Every record should be copied exactly, and the images omitted.

########################################

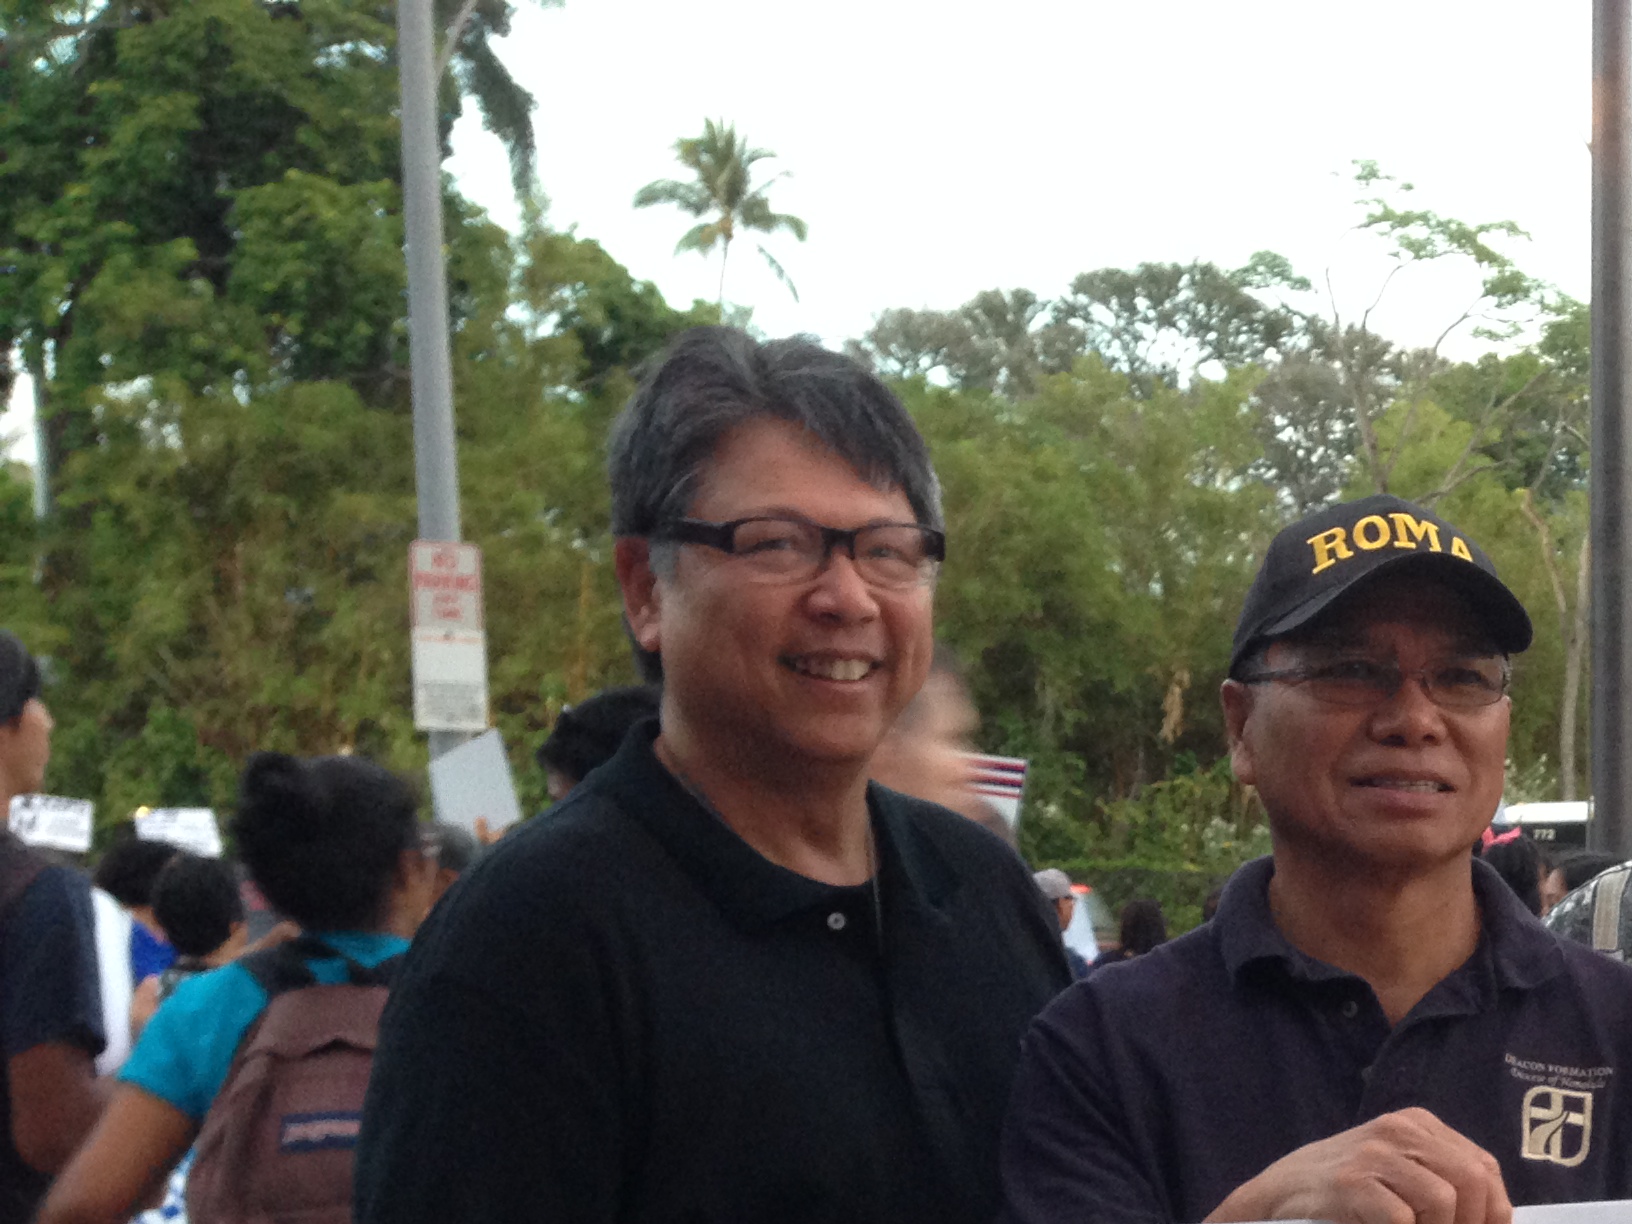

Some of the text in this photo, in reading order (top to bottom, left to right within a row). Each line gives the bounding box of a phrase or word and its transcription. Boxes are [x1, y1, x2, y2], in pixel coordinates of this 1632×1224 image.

[1306, 512, 1474, 575] ROMA
[1533, 828, 1556, 840] 772
[1504, 1052, 1614, 1077] DEACON FORMATION
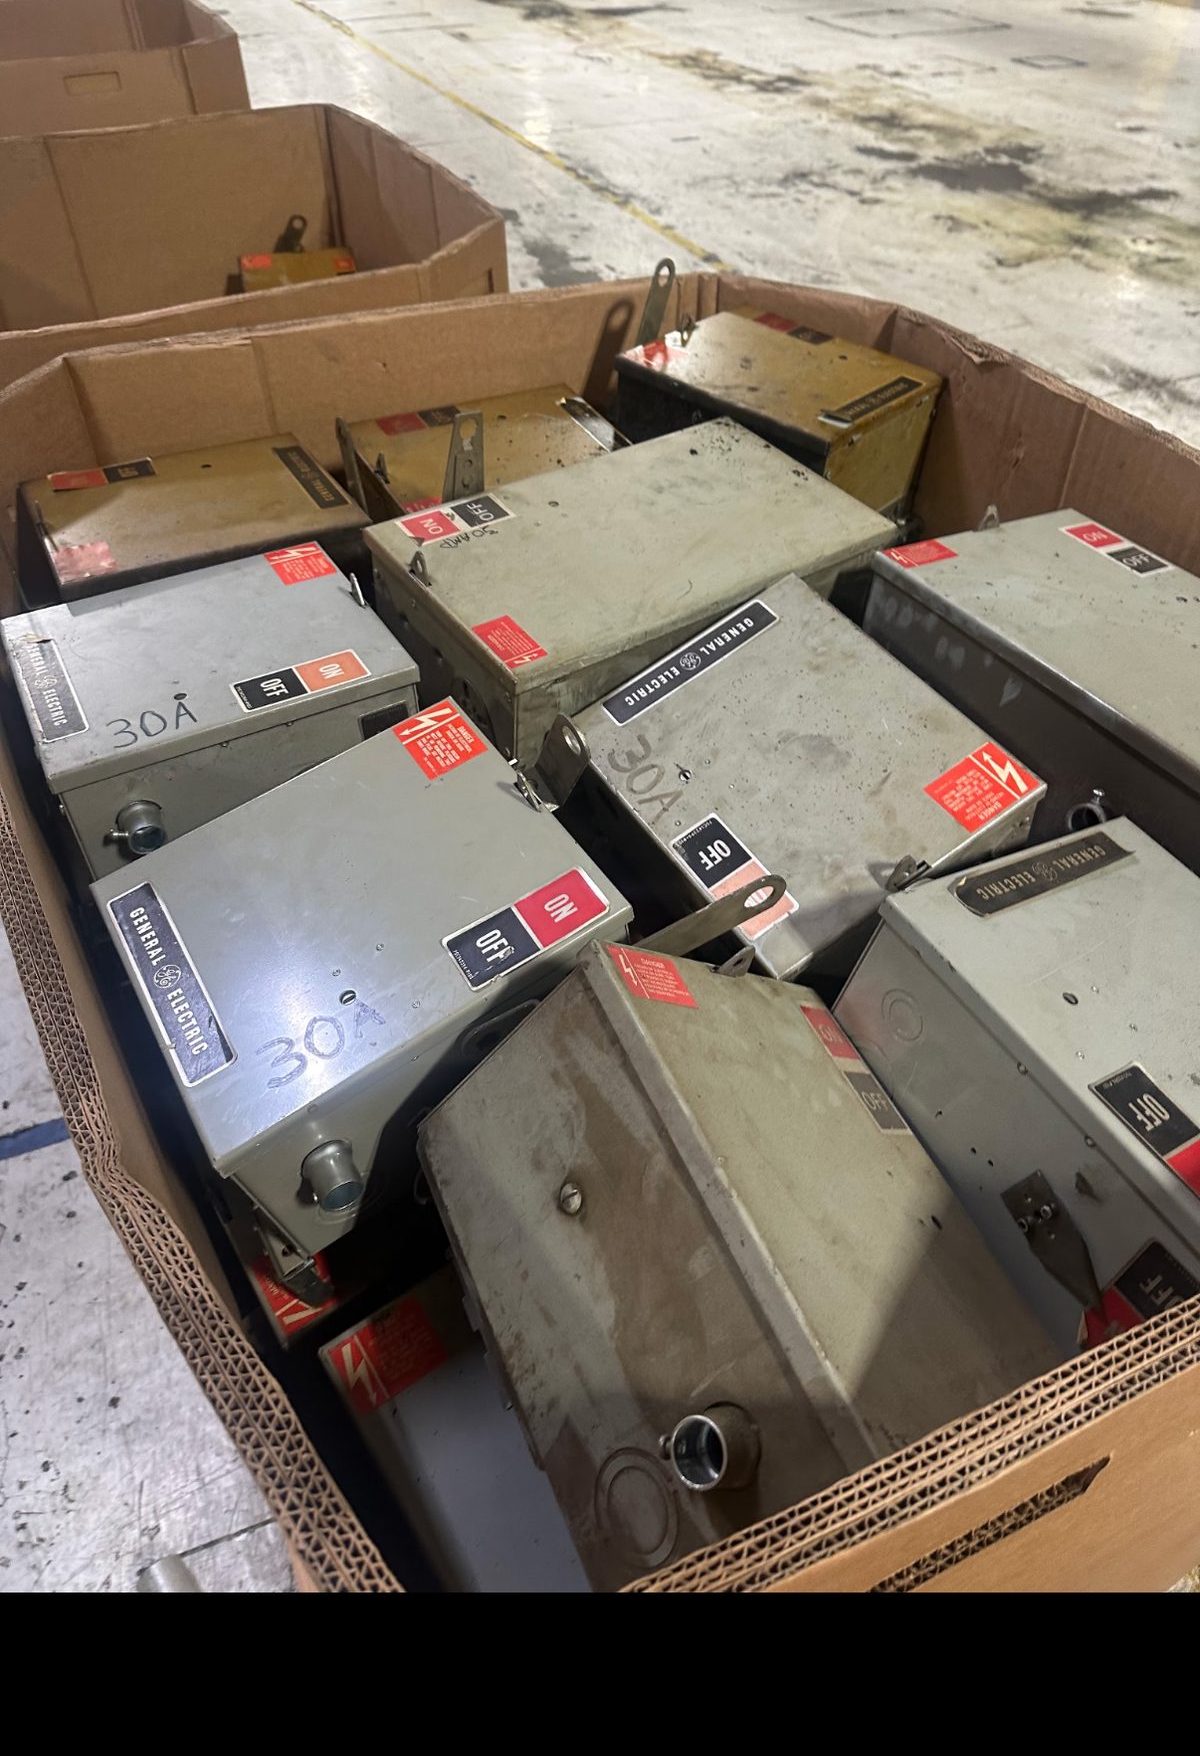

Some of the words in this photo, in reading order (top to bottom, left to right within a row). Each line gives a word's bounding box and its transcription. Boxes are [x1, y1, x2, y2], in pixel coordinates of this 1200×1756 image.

[420, 518, 443, 535] ON
[466, 502, 494, 521] OFF
[1082, 531, 1108, 542] ON
[1122, 553, 1150, 567] OFF
[699, 617, 754, 655] GENERAL
[319, 663, 345, 680] ON
[624, 665, 681, 706] ELECTRIC
[260, 678, 289, 697] OFF
[42, 688, 68, 726] ELECTRIC
[106, 701, 197, 748] 30A
[607, 734, 684, 825] 30A
[698, 839, 731, 871] OFF
[1052, 844, 1106, 871] GENERAL
[976, 871, 1036, 900] ELECTRIC
[543, 893, 578, 923] ON
[475, 929, 515, 963] OFF
[129, 906, 167, 966] GENERAL
[166, 987, 209, 1056] ELECTRIC
[256, 999, 387, 1089] 30A
[861, 1091, 889, 1112] OFF
[1128, 1093, 1170, 1131] OFF
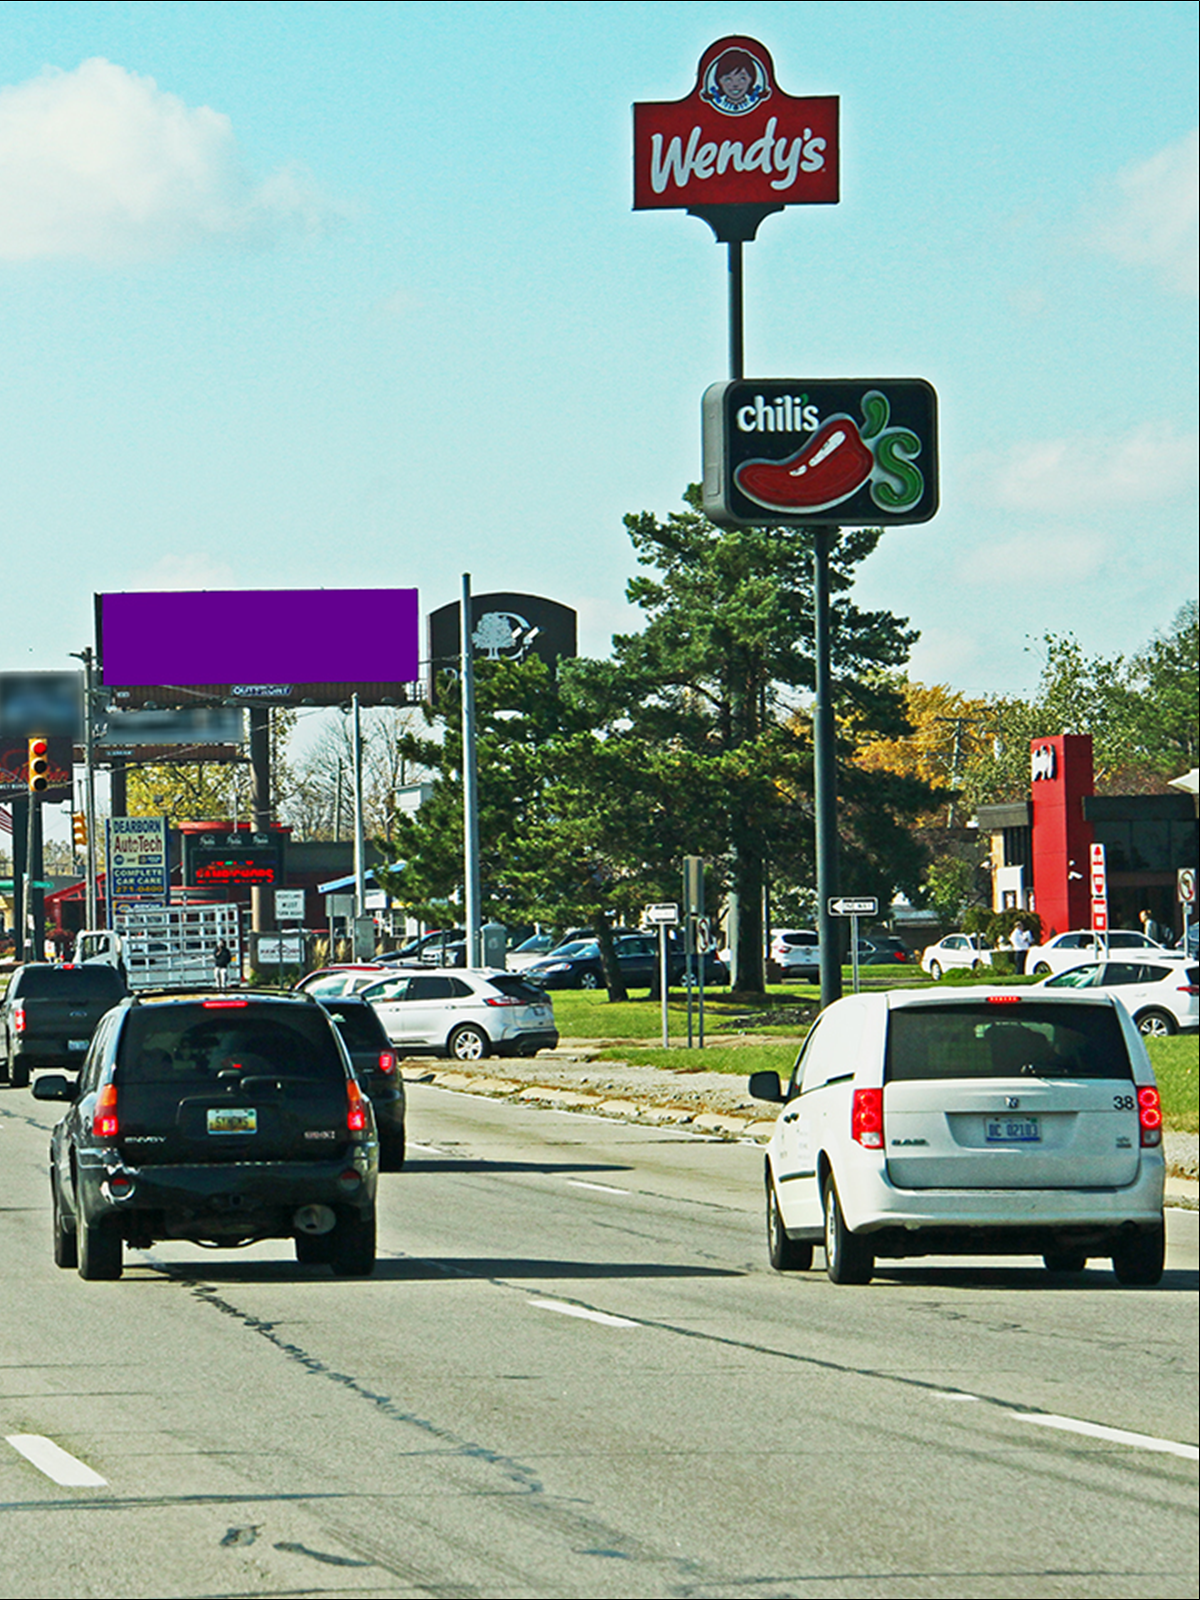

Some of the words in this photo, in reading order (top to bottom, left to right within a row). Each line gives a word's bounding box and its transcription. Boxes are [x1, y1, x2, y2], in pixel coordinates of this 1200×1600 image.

[651, 116, 827, 194] Wendy's
[736, 393, 821, 432] chili's
[113, 820, 162, 834] DEARBORN
[113, 835, 163, 852] AutoTech
[114, 869, 163, 877] COMPLETE
[1113, 1096, 1135, 1110] 38
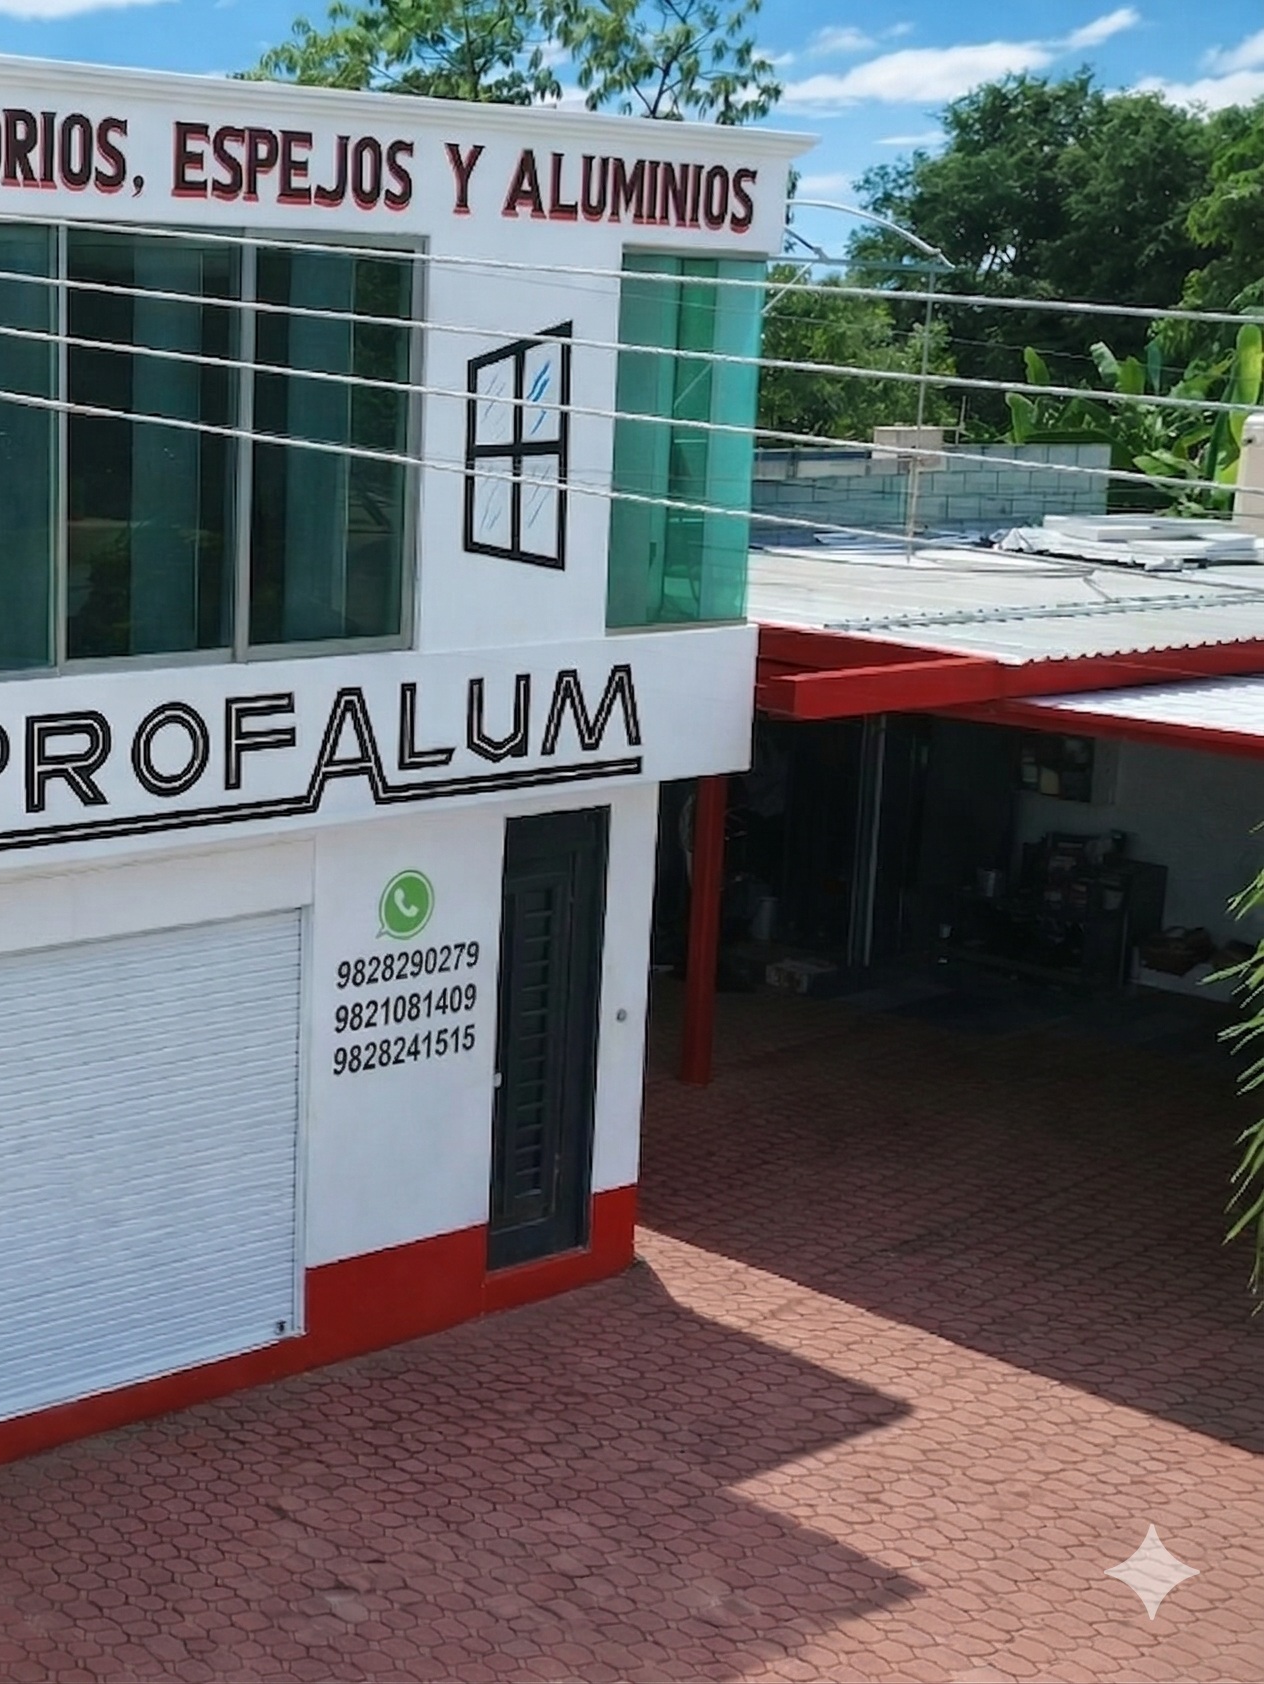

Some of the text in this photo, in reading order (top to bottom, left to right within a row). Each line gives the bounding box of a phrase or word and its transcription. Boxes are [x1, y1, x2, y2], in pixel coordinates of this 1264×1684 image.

[171, 121, 415, 213] ESPEJOS
[444, 142, 486, 215] Y
[501, 148, 758, 234] ALUMINIOS
[336, 941, 480, 990] 9828290279
[334, 983, 478, 1034] 9821081409
[332, 1024, 476, 1076] 9828241515

########################################

Output below —
Some of the text in this photo, in reading order (top to bottom, left to right within a row). Each line gives the bounding box of a phrase or word and its transcription. Boxes are [x1, y1, x2, y2], in pixel coordinates of this 1632×1224 image.

[1306, 512, 1474, 575] ROMA
[1533, 828, 1556, 840] 772
[1504, 1052, 1614, 1077] DEACON FORMATION

Some of the words in this photo, in reading order (top to bottom, left to right within a row). Each line gives a word's bounding box and its transcription. Boxes are [x1, y1, x2, y2], in pixel coordinates of this 1200×1756 image.

[420, 518, 443, 535] ON
[466, 502, 494, 521] OFF
[1082, 531, 1108, 542] ON
[1122, 553, 1150, 567] OFF
[699, 617, 754, 655] GENERAL
[319, 663, 345, 680] ON
[624, 665, 681, 706] ELECTRIC
[260, 678, 289, 697] OFF
[42, 688, 68, 726] ELECTRIC
[106, 701, 197, 748] 30A
[607, 734, 684, 825] 30A
[698, 839, 731, 871] OFF
[1052, 844, 1106, 871] GENERAL
[976, 871, 1036, 900] ELECTRIC
[543, 893, 578, 923] ON
[475, 929, 515, 963] OFF
[129, 906, 167, 966] GENERAL
[166, 987, 209, 1056] ELECTRIC
[256, 999, 387, 1089] 30A
[861, 1091, 889, 1112] OFF
[1128, 1093, 1170, 1131] OFF

Some of the words in this photo, in reading order (top to bottom, left to right within a row). Each line gives a word's bounding box and its transcription. Boxes are [x1, y1, x2, y2], in pixel coordinates of this 1200×1600 image.

[651, 116, 827, 194] Wendy's
[736, 393, 821, 432] chili's
[113, 820, 162, 834] DEARBORN
[113, 835, 163, 852] AutoTech
[114, 869, 163, 877] COMPLETE
[1113, 1096, 1135, 1110] 38

Some of the text in this photo, in reading order (top to bottom, left to right within a row). Each line gives the bounding box of a phrase or word and its transcription. Boxes are [x1, y1, x2, y2], in pixel coordinates of this 1264×1684 image.

[171, 121, 415, 213] ESPEJOS
[444, 142, 486, 215] Y
[501, 148, 758, 234] ALUMINIOS
[336, 941, 480, 990] 9828290279
[334, 983, 478, 1034] 9821081409
[332, 1024, 476, 1076] 9828241515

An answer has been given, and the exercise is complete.